What the task asks: In the material below, the lines to repeat exactly run from the one containing "Some of the words" to the very last line, both included.

Exercise materials:
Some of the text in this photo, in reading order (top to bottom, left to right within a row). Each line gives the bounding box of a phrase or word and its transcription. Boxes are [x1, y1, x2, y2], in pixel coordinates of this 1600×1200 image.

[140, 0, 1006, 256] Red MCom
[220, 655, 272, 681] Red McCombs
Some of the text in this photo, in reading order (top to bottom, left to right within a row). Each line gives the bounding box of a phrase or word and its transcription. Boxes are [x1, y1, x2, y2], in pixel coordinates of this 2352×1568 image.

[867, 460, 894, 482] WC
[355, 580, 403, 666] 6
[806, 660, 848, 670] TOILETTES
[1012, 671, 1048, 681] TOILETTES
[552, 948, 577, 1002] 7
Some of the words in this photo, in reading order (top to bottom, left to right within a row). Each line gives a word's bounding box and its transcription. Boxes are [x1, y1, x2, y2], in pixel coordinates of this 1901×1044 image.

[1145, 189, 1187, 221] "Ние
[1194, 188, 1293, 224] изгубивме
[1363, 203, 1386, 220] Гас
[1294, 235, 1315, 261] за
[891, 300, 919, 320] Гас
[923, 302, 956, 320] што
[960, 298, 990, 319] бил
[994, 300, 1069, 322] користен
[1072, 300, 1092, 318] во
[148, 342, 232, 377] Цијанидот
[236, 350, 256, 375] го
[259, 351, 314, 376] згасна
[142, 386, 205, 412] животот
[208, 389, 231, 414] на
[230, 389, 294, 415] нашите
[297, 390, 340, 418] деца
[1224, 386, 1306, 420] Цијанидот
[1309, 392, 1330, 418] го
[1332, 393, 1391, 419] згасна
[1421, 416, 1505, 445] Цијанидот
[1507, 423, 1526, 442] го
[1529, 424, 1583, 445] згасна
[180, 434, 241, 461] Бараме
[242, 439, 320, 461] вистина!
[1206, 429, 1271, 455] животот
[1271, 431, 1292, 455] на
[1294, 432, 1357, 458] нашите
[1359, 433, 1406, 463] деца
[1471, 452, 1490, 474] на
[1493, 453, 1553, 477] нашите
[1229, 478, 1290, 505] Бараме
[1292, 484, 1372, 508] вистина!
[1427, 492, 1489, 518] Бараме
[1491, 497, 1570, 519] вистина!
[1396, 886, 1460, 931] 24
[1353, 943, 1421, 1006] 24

Answer space:
Some of the words in this photo, in reading order (top to bottom, left to right within a row). Each line gives a word's bounding box and its transcription. Boxes are [x1, y1, x2, y2], in pixel coordinates of this 1901×1044 image.

[1145, 189, 1187, 221] "Ние
[1194, 188, 1293, 224] изгубивме
[1363, 203, 1386, 220] Гас
[1294, 235, 1315, 261] за
[891, 300, 919, 320] Гас
[923, 302, 956, 320] што
[960, 298, 990, 319] бил
[994, 300, 1069, 322] користен
[1072, 300, 1092, 318] во
[148, 342, 232, 377] Цијанидот
[236, 350, 256, 375] го
[259, 351, 314, 376] згасна
[142, 386, 205, 412] животот
[208, 389, 231, 414] на
[230, 389, 294, 415] нашите
[297, 390, 340, 418] деца
[1224, 386, 1306, 420] Цијанидот
[1309, 392, 1330, 418] го
[1332, 393, 1391, 419] згасна
[1421, 416, 1505, 445] Цијанидот
[1507, 423, 1526, 442] го
[1529, 424, 1583, 445] згасна
[180, 434, 241, 461] Бараме
[242, 439, 320, 461] вистина!
[1206, 429, 1271, 455] животот
[1271, 431, 1292, 455] на
[1294, 432, 1357, 458] нашите
[1359, 433, 1406, 463] деца
[1471, 452, 1490, 474] на
[1493, 453, 1553, 477] нашите
[1229, 478, 1290, 505] Бараме
[1292, 484, 1372, 508] вистина!
[1427, 492, 1489, 518] Бараме
[1491, 497, 1570, 519] вистина!
[1396, 886, 1460, 931] 24
[1353, 943, 1421, 1006] 24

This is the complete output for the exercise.